SFA mantiene multa a Motherwell y alivia sanción a Elliot Watt
La herida de aquel final caótico en Fir Park sigue abierta. Y ahora la Federación Escocesa de Fútbol ha dejado claro hasta dónde está dispuesta a tolerar las críticas.
Motherwell ha fracasado en su intento de reducir la multa de 5.000 libras impuesta por su reacción al penalti concedido a Celtic en el último suspiro del partido de mayo. Un panel de apelación de la Scottish FA confirmó el castigo al club por una publicación en redes sociales que señalaba directamente la decisión del árbitro John Beaton, asistido por el VAR, por una mano de Sam Nicholson.
El mensaje, que incluía la frase “as the world of football mocks our game” y un montaje en vídeo de la acción del 3-2 final, fue considerado una línea roja. Para la SFA, no era solo frustración: era un ataque a la credibilidad del arbitraje escocés.

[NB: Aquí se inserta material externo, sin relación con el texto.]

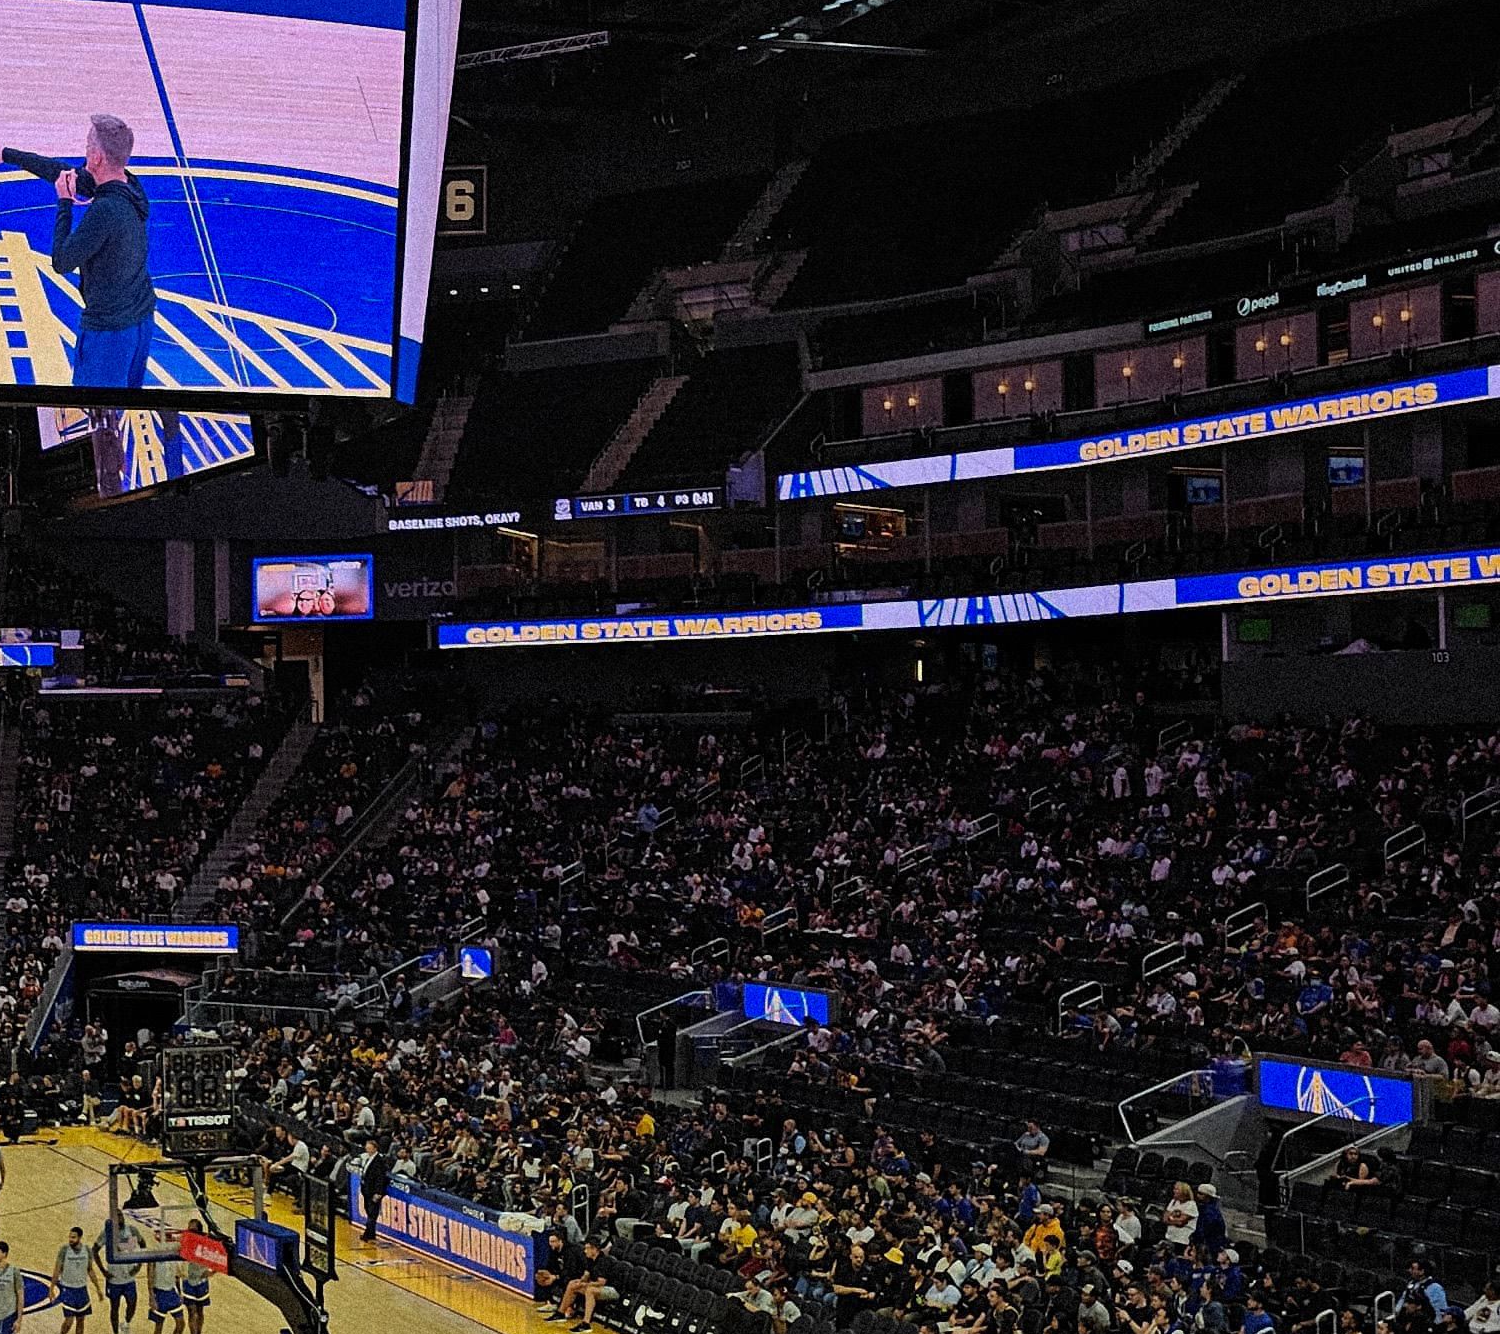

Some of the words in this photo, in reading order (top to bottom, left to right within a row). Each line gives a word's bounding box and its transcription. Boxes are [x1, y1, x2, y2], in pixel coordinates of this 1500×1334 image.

Ese penalti, transformado por Kelechi Iheanacho con el último toque del encuentro, encendió un incendio que todavía humea.
La rebaja para Watt
Quien sí ha encontrado algo de alivio es Elliot Watt. El exjugador de Motherwell, actualmente en Samsunspor, había sido sancionado con cuatro partidos por su mensaje en X calificando la jugada como la “worst VAR decision in history”.
La apelación ha surtido efecto a medias: la sanción baja a dos partidos de suspensión efectiva, con otros dos encuentros condicionados hasta el final de la próxima temporada. Un aviso contundente, pero no tan severo como el castigo inicial.
Tanto el club como el futbolista fueron acusados de vulnerar las normas que prohíben criticar a los árbitros de forma que se sugiera “parcialidad o incompetencia”. La SFA ha querido marcar territorio: se puede discrepar, pero no cuestionar la integridad.
Un caso que salpica a todo el fútbol escocés
Este no es un episodio aislado. La misma acción en Fir Park ya había provocado otro choque frontal entre banquillos y federación. La semana pasada, el técnico de Rangers, Derek McInnes, vio reducida su sanción de tres partidos de prohibición en la banda a dos encuentros por sus declaraciones sobre esa misma decisión.
Entonces, todavía como entrenador de Hearts, McInnes calificó el penalti de “disgusting” en una entrevista televisiva y llegó a afirmar: “we are up against everybody”. Un mensaje que resonó en todo el país y que la SFA no dejó pasar.
La línea está trazada. Los clubes reclaman transparencia y mejor uso del VAR; la federación responde endureciendo el marco disciplinario ante cualquier insinuación de favoritismo o incapacidad arbitral.
La multa a Motherwell se mantiene. La sanción a Watt se suaviza. El debate, en cambio, no se enfría. Y la próxima vez que el VAR entre en escena en Escocia, la sensación será inevitable: cada decisión ya no solo cambia partidos, también reescribe los límites de lo que se puede decir en voz alta.